Robôs: eles podem substituir você?

Por Anna Carolina Oliveira

Existe um fato curioso a respeito dos flocos de neve: apesar de parecerem todos iguais, revelam diferentes estruturas de cristais quando observados através da lente de um microscópio. De longe, não passam de pequenos pontos brancos. De perto, são quase únicos. Esse conceito teria inspirado o surgimento da expressão “special snowflake” — em português, “floco de neve único -, que se refere à pessoa que acredita merecer tratamento privilegiado por conta de suas características ou atributos supostamente únicos. Alguém que pensa ser muito especial, mas, na verdade, é um dos muitos flocos de neve que caem no inverno. Em tempos de discussões — e preocupações — sobre a substituição da mão de obra humana pela automatização, tal expressão idiomática parece sintetizar uma crença generalizada. Diante de todo o potencial tecnológico, o ser humano parece agarrar-se ao sentimento de ser especial e insubstituível. Não é o que algumas pesquisas e dados de mercado mostram.

De acordo com um trabalho dos pesquisadores Daron Acemoglu, do Instituto de Tecnologia de Massachusetts (MIT), e Pascual Restrepo, da Universidade de Boston, a cada novo robô introduzido em uma fábrica, a taxa de emprego nos Estados Unidos sofre uma redução de 5,6 trabalhadores.
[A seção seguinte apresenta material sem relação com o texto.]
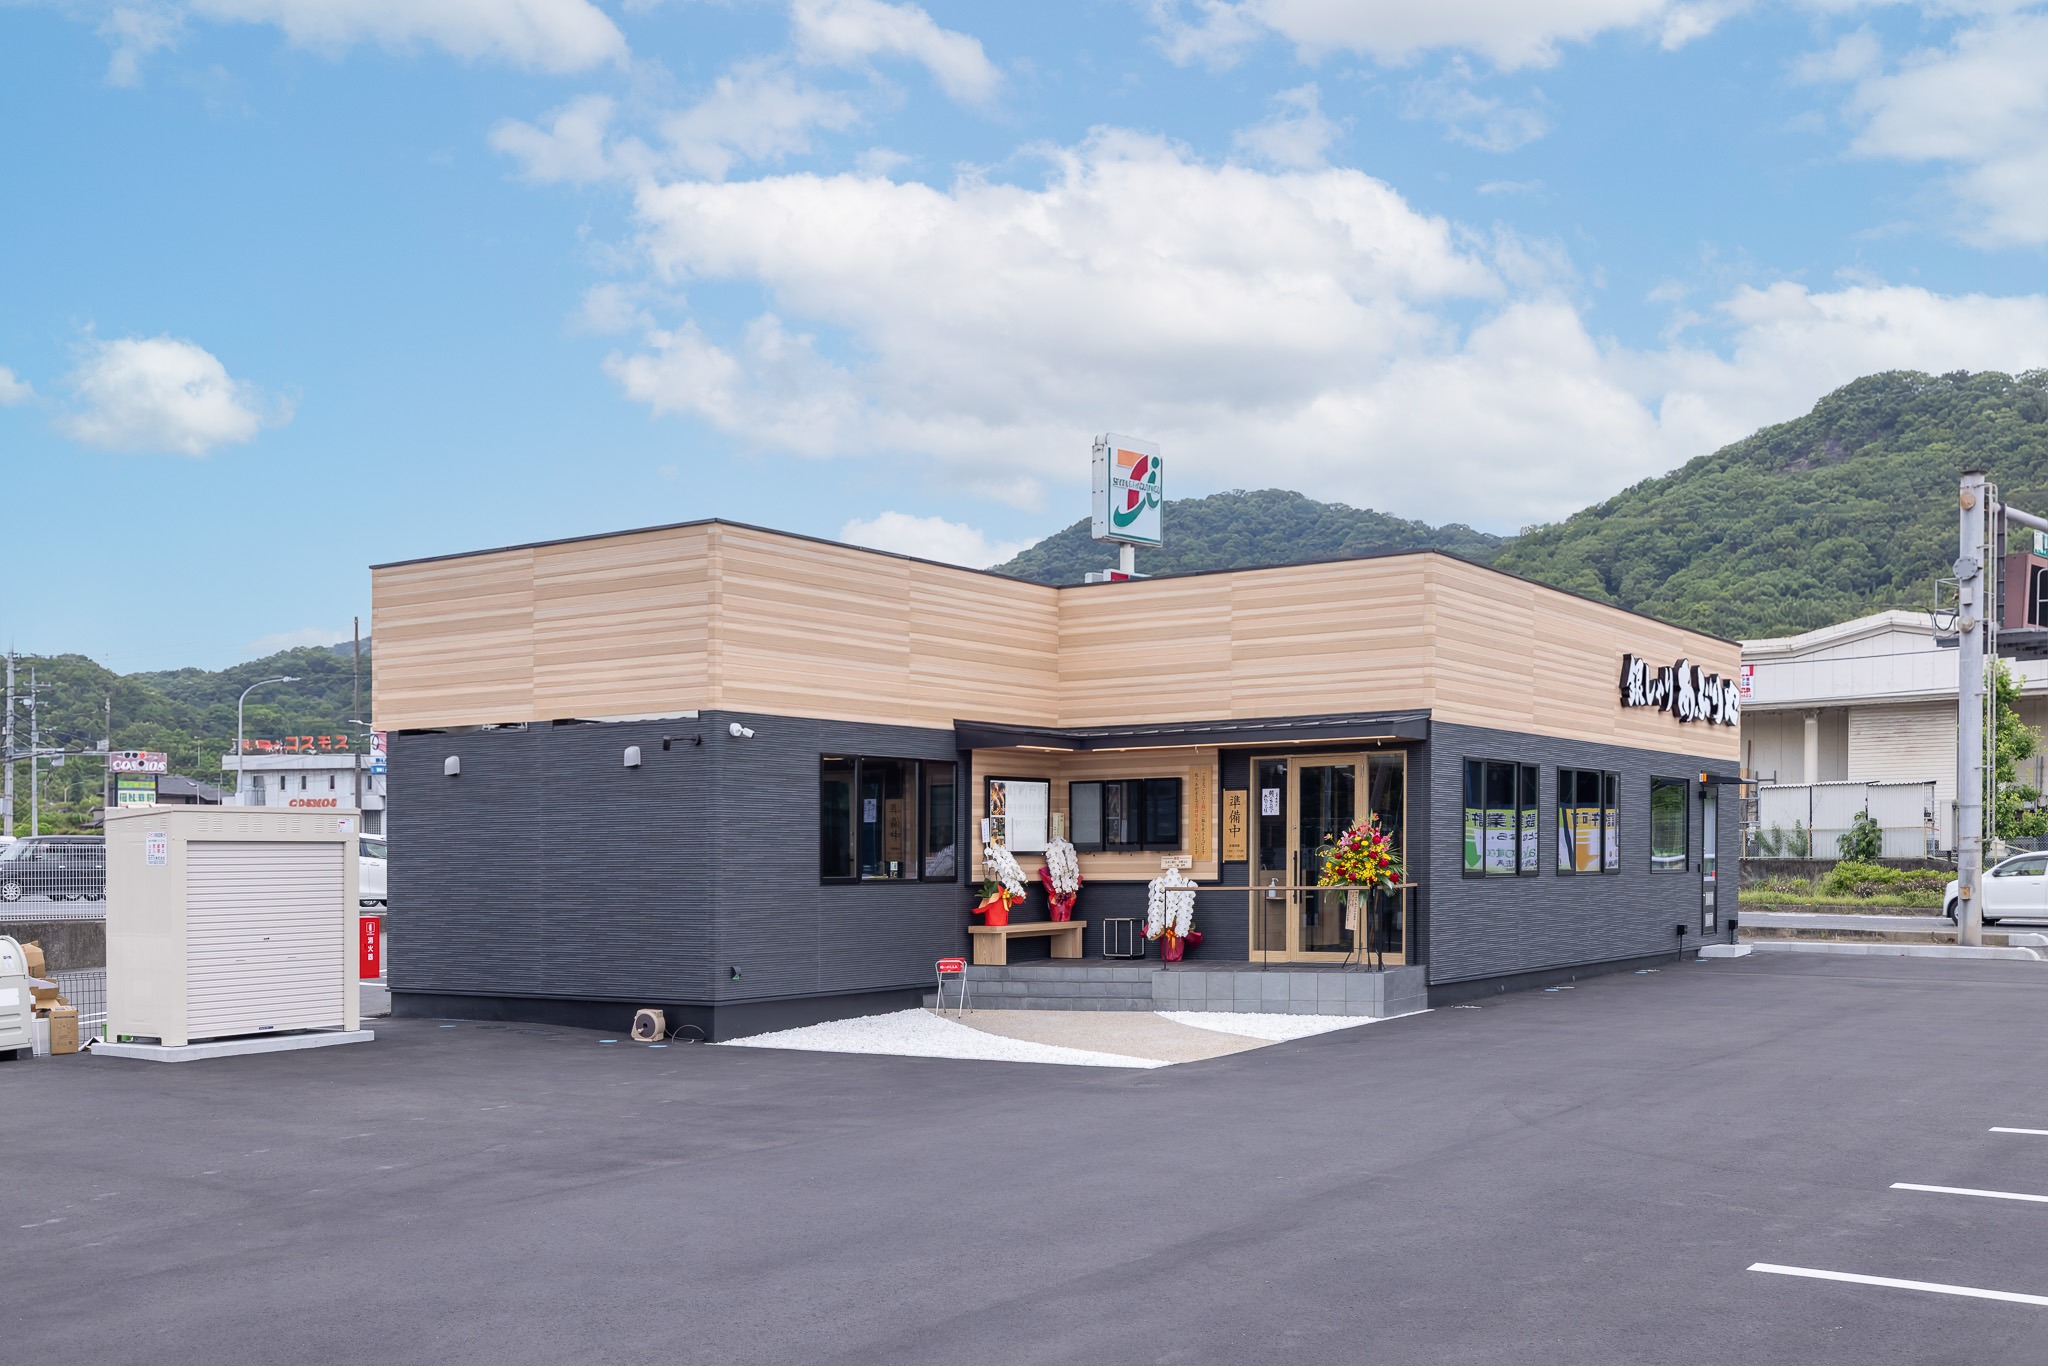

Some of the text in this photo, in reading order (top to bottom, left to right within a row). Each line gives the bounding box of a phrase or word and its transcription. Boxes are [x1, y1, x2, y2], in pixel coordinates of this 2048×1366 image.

[285, 734, 350, 753] コスモス
[1228, 795, 1241, 839] 準備中
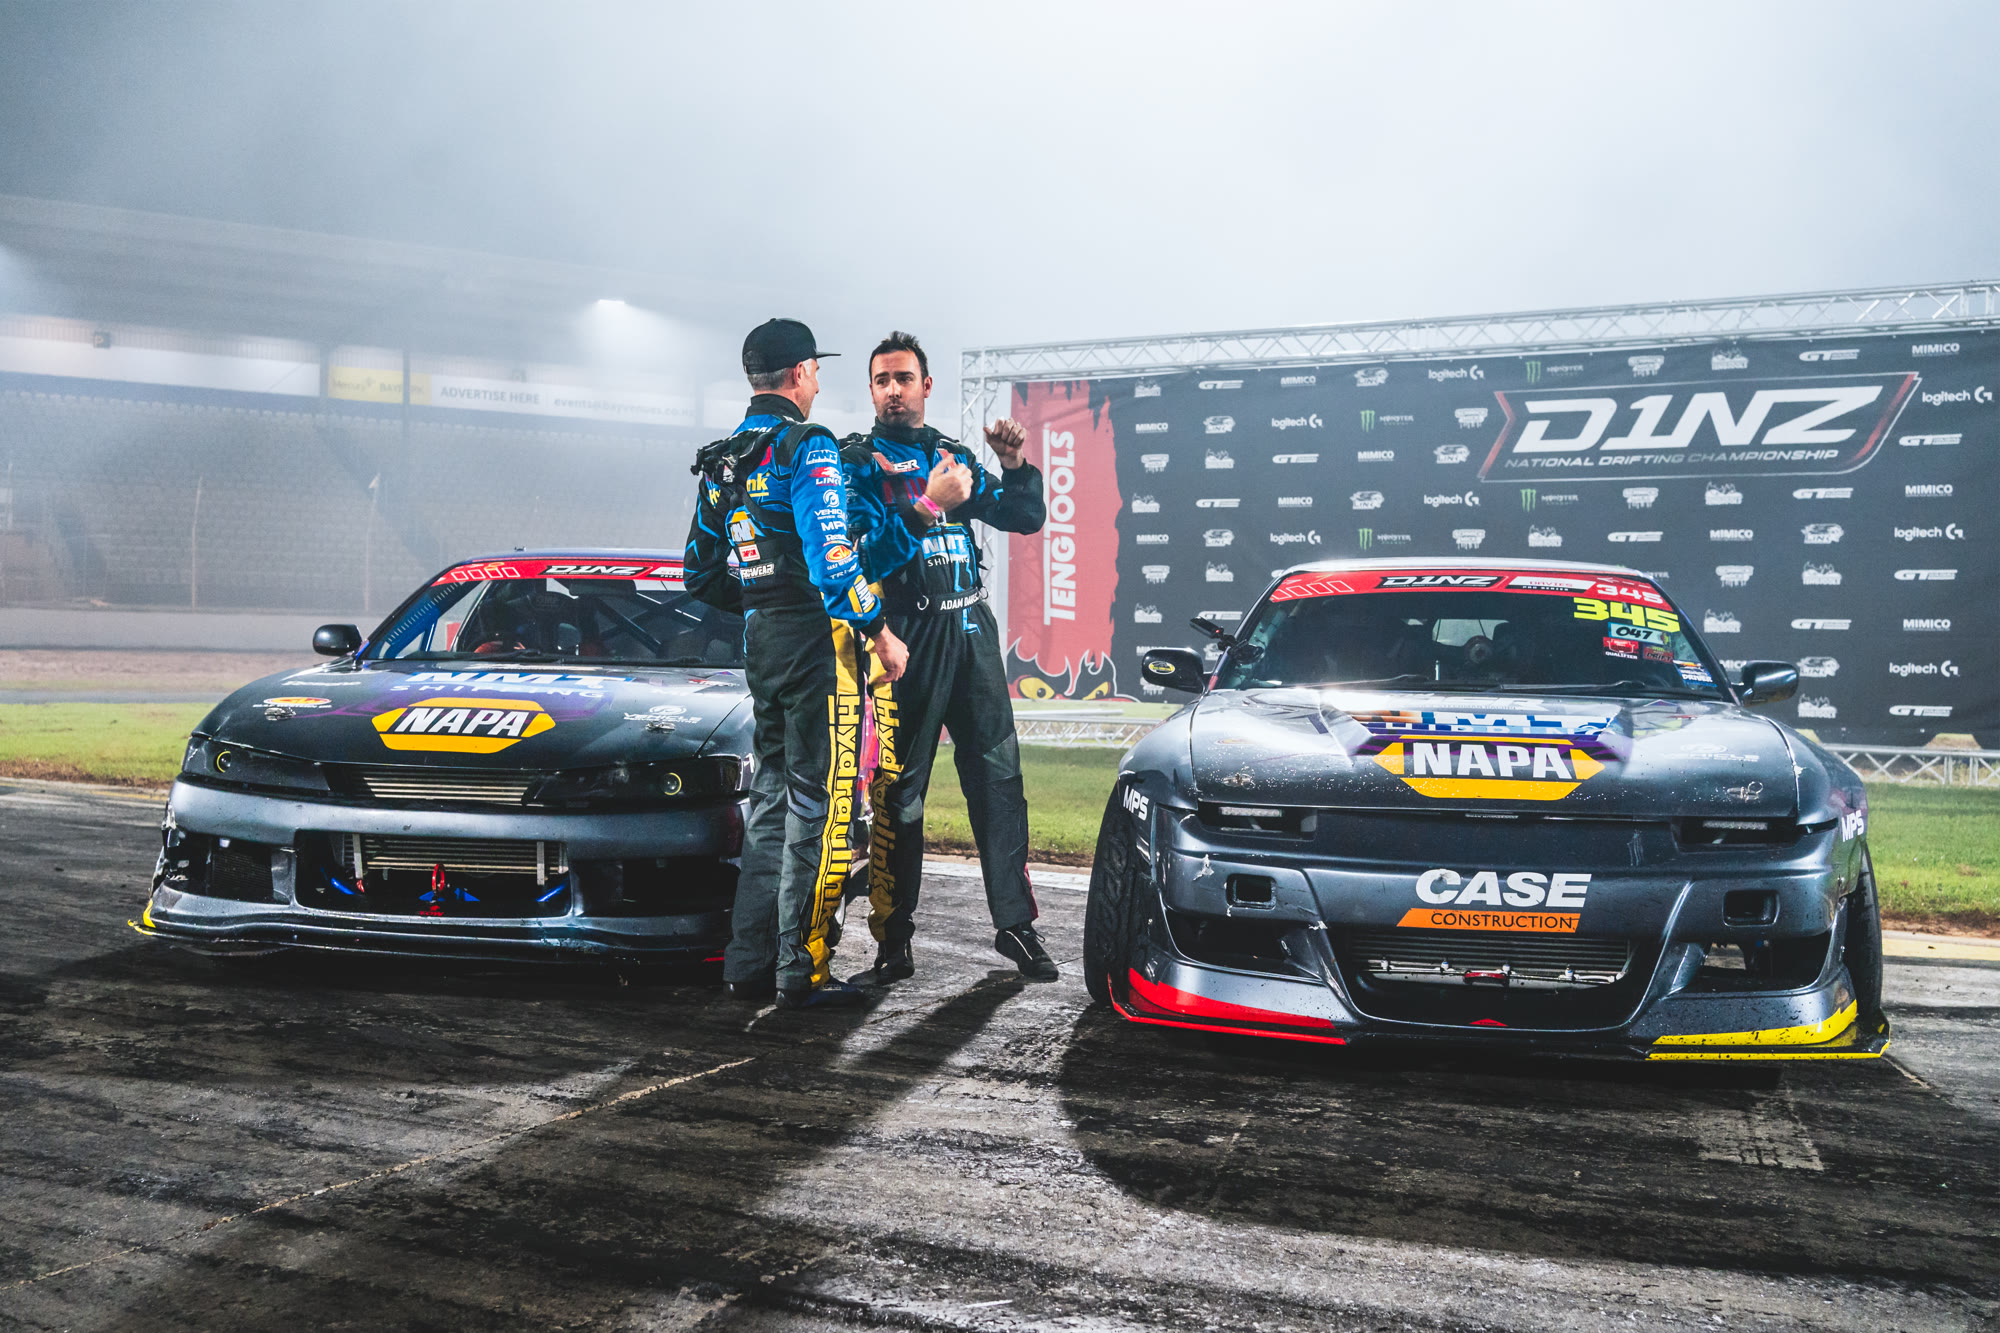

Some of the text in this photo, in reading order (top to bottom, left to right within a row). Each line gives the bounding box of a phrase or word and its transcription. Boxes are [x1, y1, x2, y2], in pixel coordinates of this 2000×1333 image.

Já no cenário global, um estudo do Citibank em parceria com o Oxford Martin School, centro de pesquisa da Universidade de Oxford, mostra que 57% dos empregos são suscetíveis à automação — e essa porcentagem não abrange somente as atividades consideradas mecânicas.

“A revolução do Big Data e as melhorias nos algoritmos de machine learning significam que mais ocupações podem ser substituídas pela tecnologia, incluindo tarefas uma vez consideradas essencialmente humanas, como dirigir um carro.” — Relatório Technology at work: V2.0

Robôs, como o Da Vinci, que fazem procedimentos cirúrgicos; que recepcionam hóspedes no hotel Henn-na, na cidade japonesa de Nagasaki; que dão aulas na University Technical College, em Londres; e que trabalham como bartenders no Robots Bar and Lounge, na cidade alemã de Ilmenau, são alguns exemplos dessa revolução. Há também empresas como a Work Fusion, que vende software para automatizar tarefas não rotineiras. Funciona assim: o programa fraciona os encargos de uma função, assimilando primeiro as tarefas rotineiras e, depois, observando o dia a dia de um freelancer contratado para “ensinar” a máquina as particularidades daquele trabalho e, então, treiná-la para substituí-lo.

Ocupações consideradas mais criativas e artísticas não estão a salvo. Programas de computador já conseguem compor música, criar receitas de drinques e de pratos, escrever textos jornalísticos e até pintar obras de arte, como uma tela à la Rembrandt criada somente com o uso de análise de dados e uma impressora 3D. Há quem acredite que a discussão é sobre quando todas as áreas serão dominadas pela tecnologia, e não quais atividades serão automatizadas. No livro Robots Will Steal Your Job, But That’s OK, o futurista italiano Federico Pistono defende que, na verdade, algumas funções mais especializadas devem ser substituídas antes das operacionais por questões econômicas. Ele compara a atividade de um radiologista a de uma diarista: automatizar a análise de imagens é “mais fácil” e traz um retorno financeiro mais interessante do que criar a Rosie, do desenho Os Jetsons. Esta empreitada consistiria no desenvolvimento de um robô com habilidades motoras sofisticadas, reconhecimento do ambiente em 3D e baixo consumo de energia — tudo isso a um custo reduzido para viabilizar a comercialização do produto.

Realidades como essas costumam provocar certa ansiedade em muitas pessoas e algumas escolhem fugir da conversa com o argumento de que o ser humano é muito especial para ser substituído por completo. Se você acredita ou não na automatização completa, não parece tão importante diante de um questionamento maior: no nosso dia a dia, agimos, de fato, como seres únicos e insubstituíveis? Talvez, o grande embate provocado pela revolução tecnológica seja, no fundo, com o nosso ego

Em uma rotina de trabalho de oito horas diárias na teoria e muito mais na prática, com metas agressivas e equipes cada vez mais diminutas, parece não sobrar tempo ou energia para explorar o nosso potencial. Talvez, o ser humano até tenha capacidades incríveis que nenhuma máquina ou software jamais será capaz de reproduzir, mas, sendo honestos, nós hoje atuamos como essa pessoa tão habilidosa? Mais do que causar pânico, a ascensão das máquinas convida a reflexão sobre o quão bem desempenhamos nosso papel, o quanto investimos no desenvolvimento profissional, o quanto mostramos a nossa estrutura diferenciada e não parecemos apenas um mero floco de neve no meio de uma tempestade.